"But," said Herr Dremmel, "I have finished with you. And I wish," he added, pulling out his watch, "to have tea. I am driving to my fields at five o'clock."
"Oh, Robert," she begged, inexpressibly shocked, he meant to go on tormenting her then indefinitely? "please, please do whatever you're going to do to me and get it over. Here I am only waiting to be punished—"
"Punished?" repeated Herr Dremmel.
"Why," cried Ingeborg, her eyes bright with grief and shame for this steady persistence in baseness, "why, I don't think you're to punish me! You're not fit to punish a decent woman. You're contemptible!"

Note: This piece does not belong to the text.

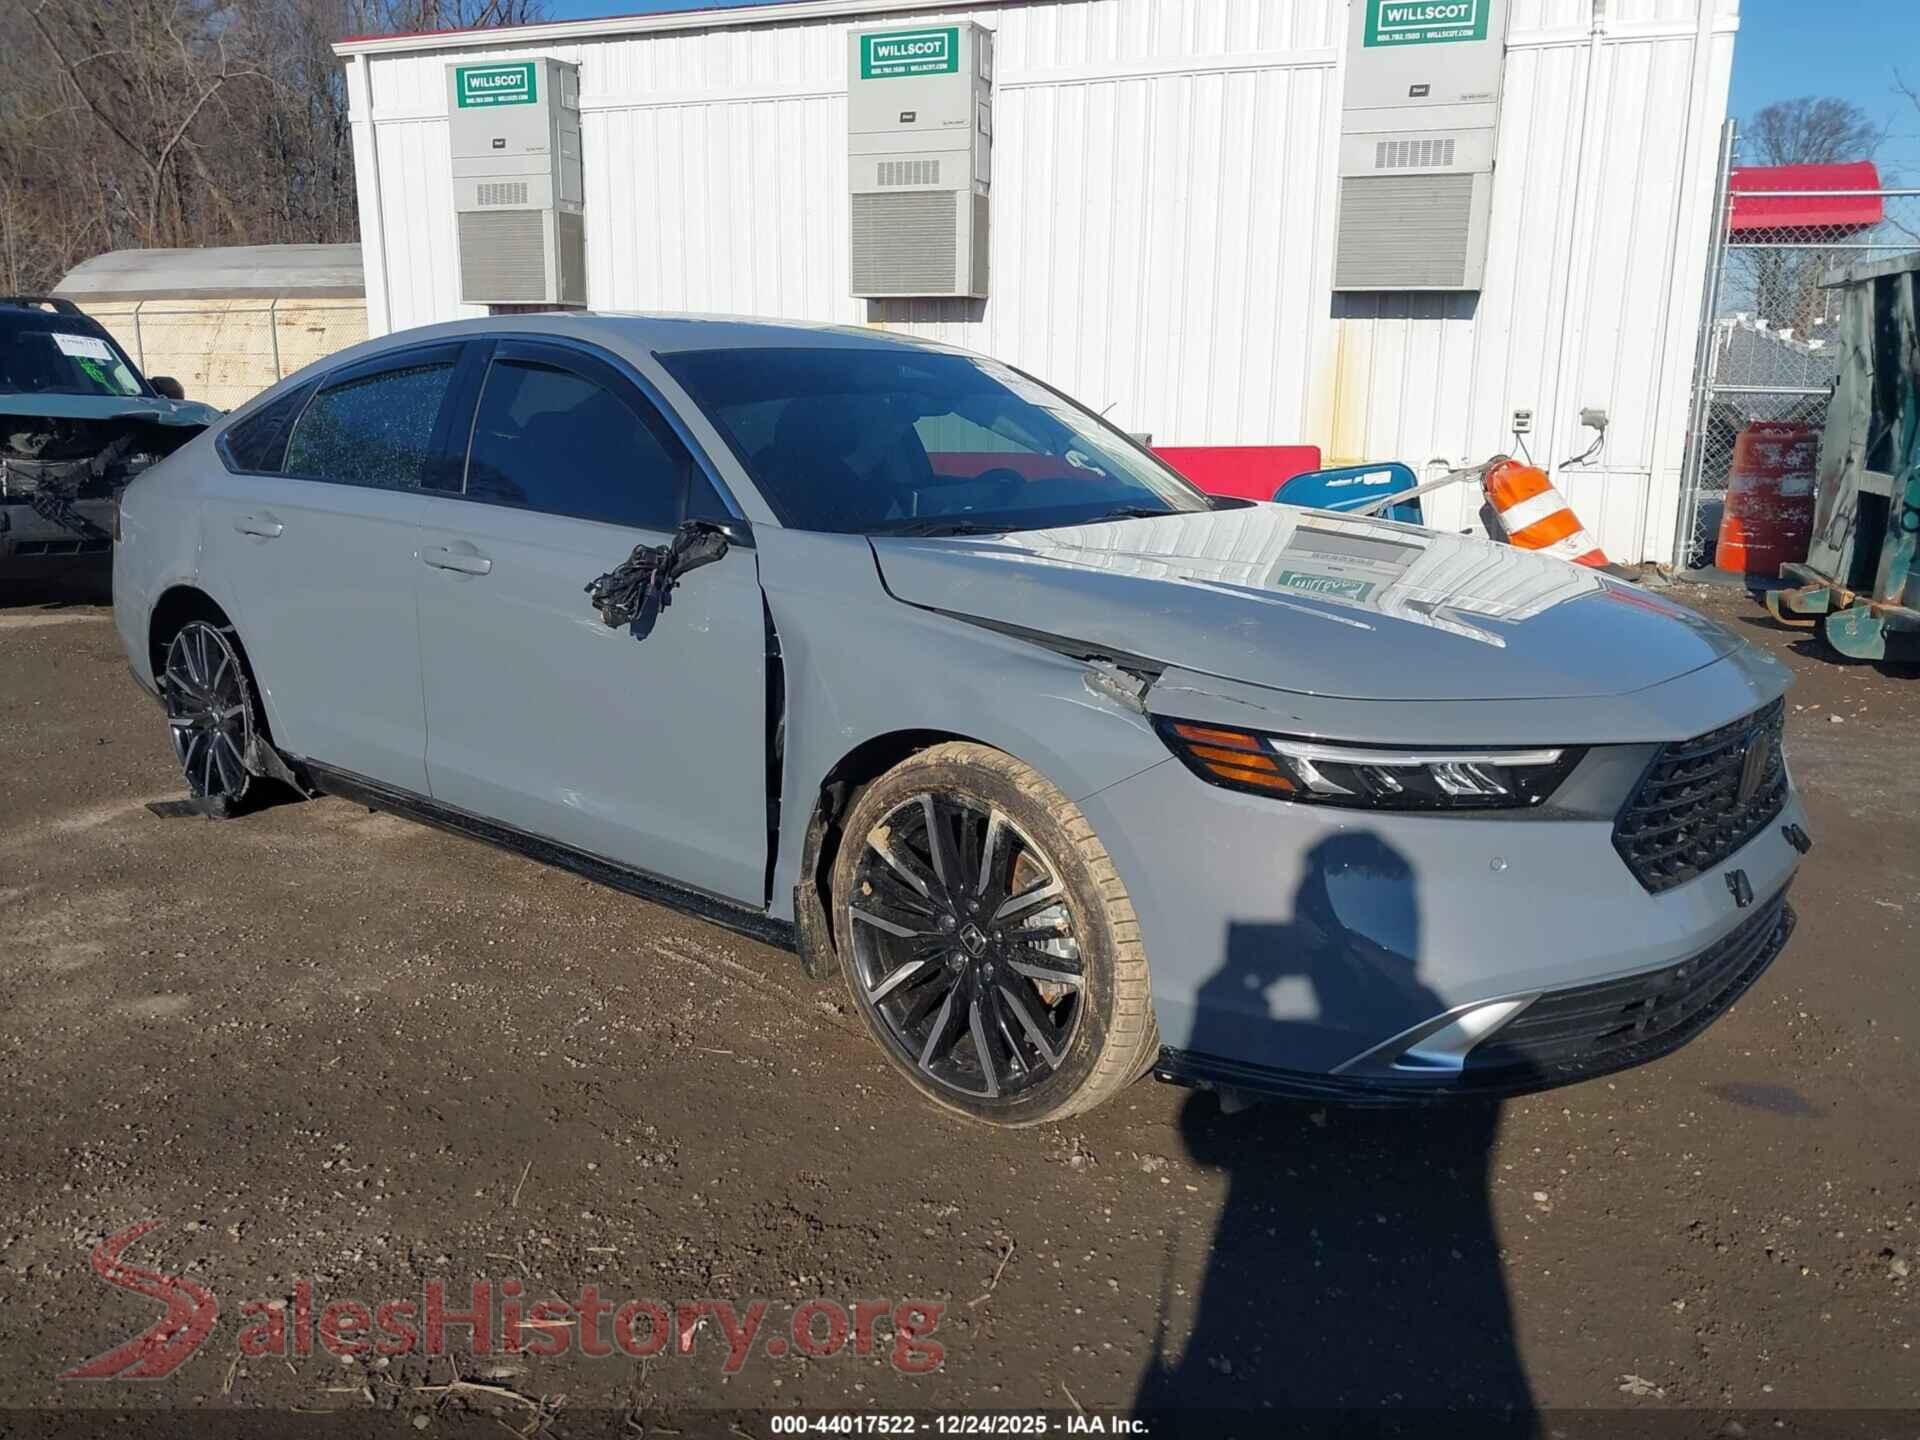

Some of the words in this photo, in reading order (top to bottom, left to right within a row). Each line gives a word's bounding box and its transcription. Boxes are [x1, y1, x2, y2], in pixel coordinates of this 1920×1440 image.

Herr Dremmel stared. "This," he then said, "is abuse. At least," he added, "it bears a close resemblance to that which in a reasonable human being would be abuse. However, Ingeborg, speech in you does not, as I have often observed, accurately represent meaning. I should rather say," he amended, "a meaning."
She moved across to the table to him, her eyes shining. He held his pen ready to go on writing so soon as she should be good enough to leave off interrupting.
"Robert," she said, leaning with both hands on the table, her voice shaking, "I—I never thought I'd have to be ashamed of you. I could bear anything but having to be ashamed of you—"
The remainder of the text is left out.